- [What you are asked to do]: Without including any pictures, write out the listing below exactly.

- [Records supplied]:
——————————

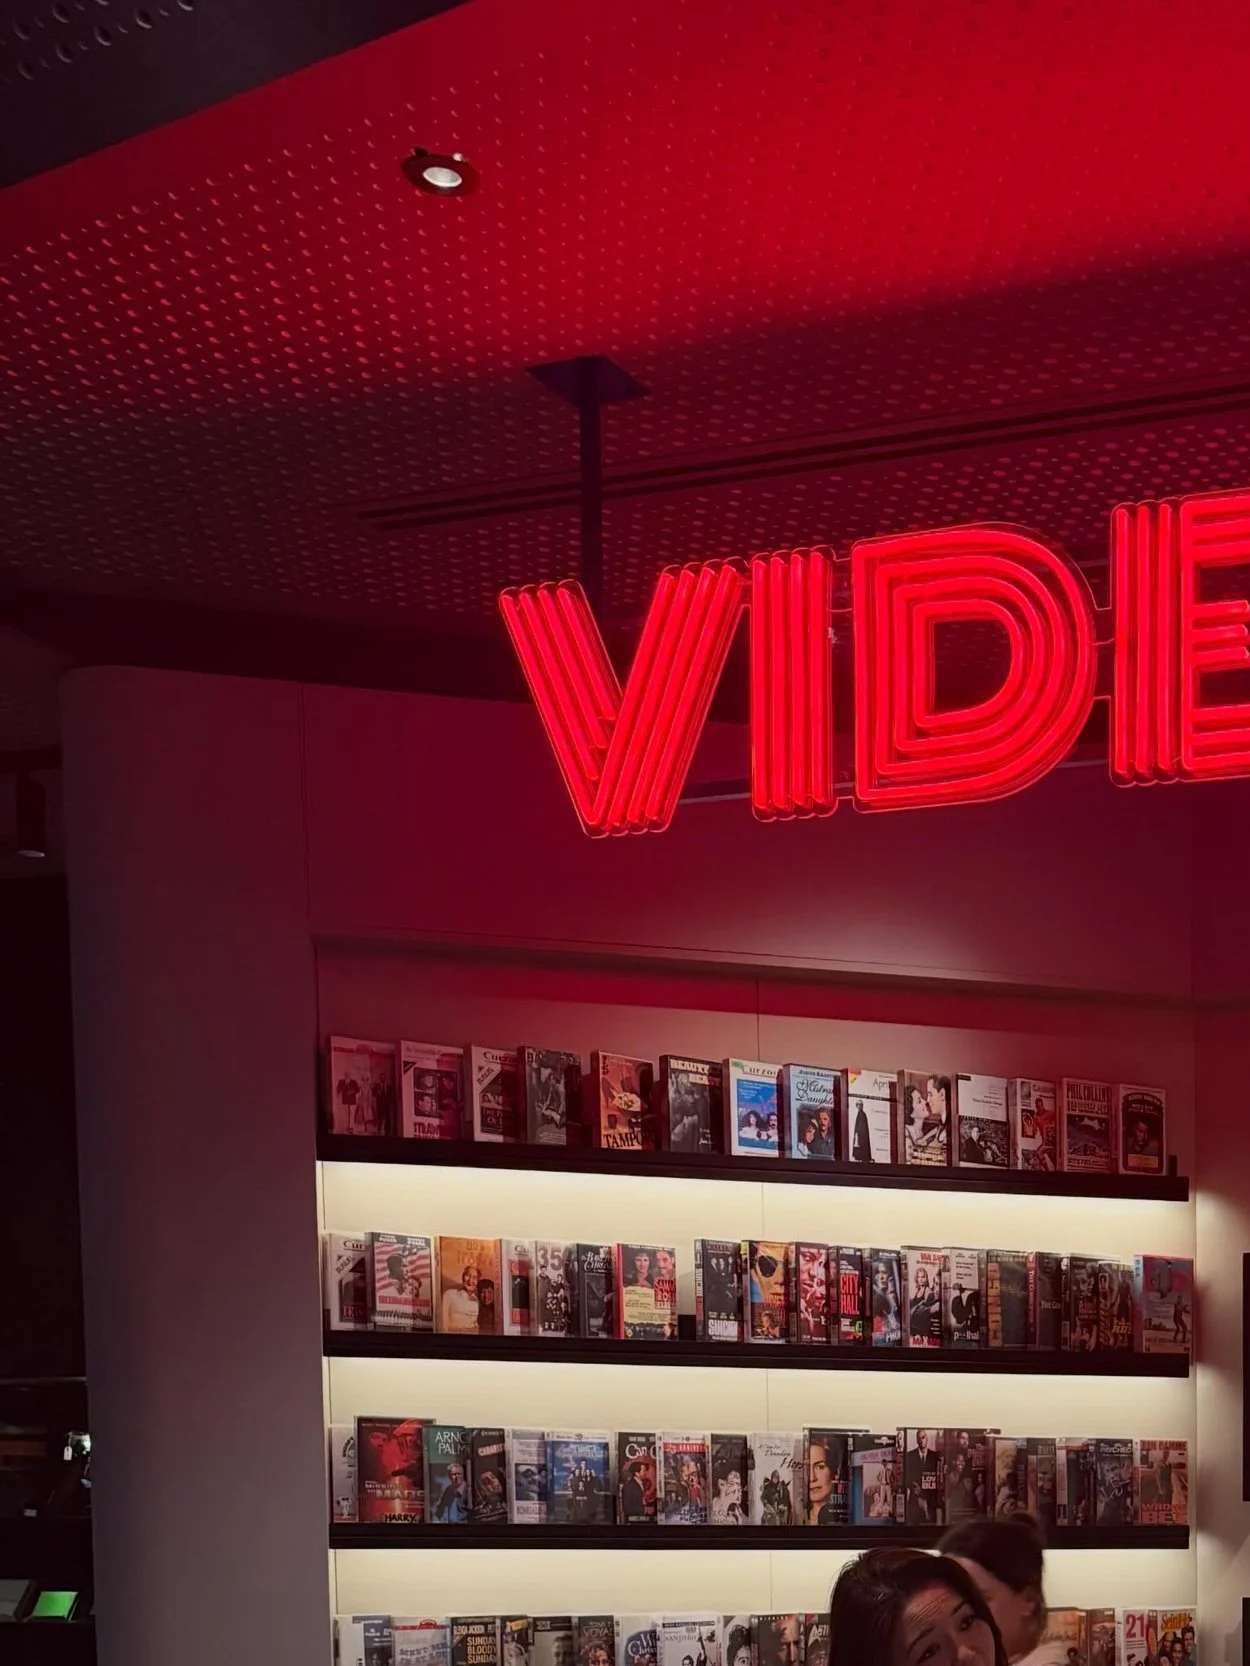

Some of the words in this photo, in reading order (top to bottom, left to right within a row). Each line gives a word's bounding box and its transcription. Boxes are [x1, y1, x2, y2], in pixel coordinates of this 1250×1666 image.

[840, 1273, 859, 1294] CITY
[840, 1294, 860, 1316] HALL
[1125, 1613, 1145, 1639] 21
[467, 1636, 496, 1646] SUNDAY
[467, 1645, 496, 1655] BLOODY
[467, 1654, 496, 1664] SUNDAY
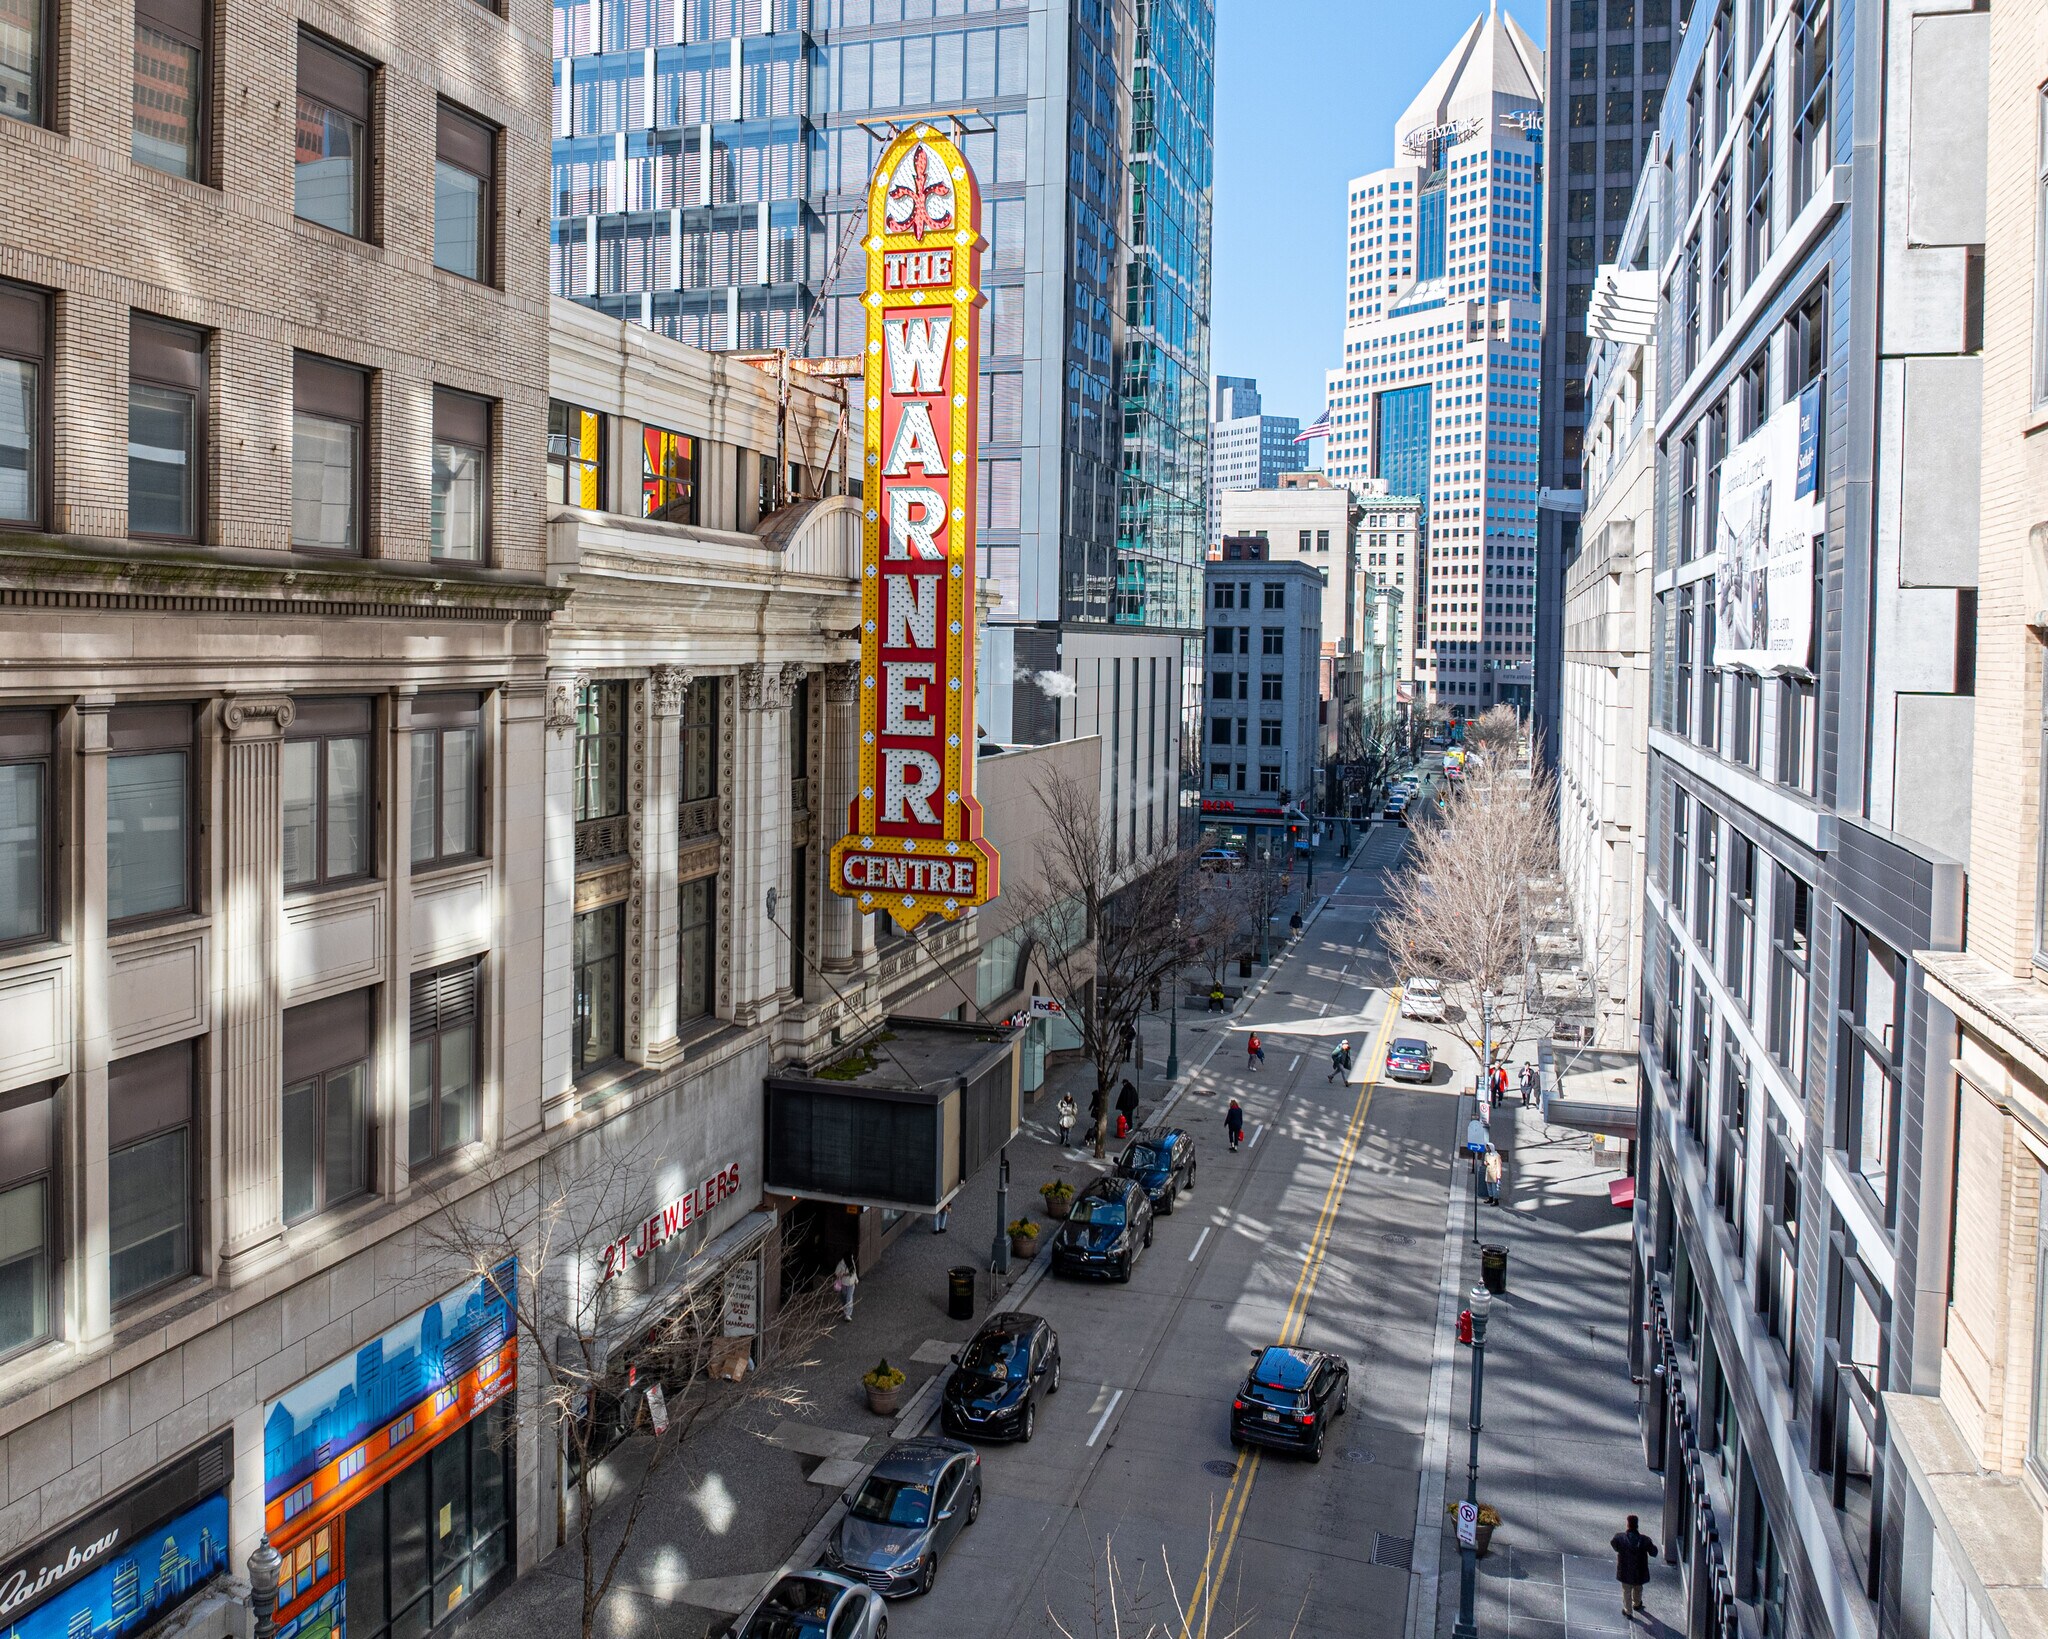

——————————

- [Answer to this task]:
Some of the words in this photo, in reading order (top to bottom, left to right within a row). Each line gives a word's bounding box and its transcription. Boxes are [x1, y1, x2, y2], in pixel coordinates of this 1250×1666 image.

[840, 1273, 859, 1294] CITY
[840, 1294, 860, 1316] HALL
[1125, 1613, 1145, 1639] 21
[467, 1636, 496, 1646] SUNDAY
[467, 1645, 496, 1655] BLOODY
[467, 1654, 496, 1664] SUNDAY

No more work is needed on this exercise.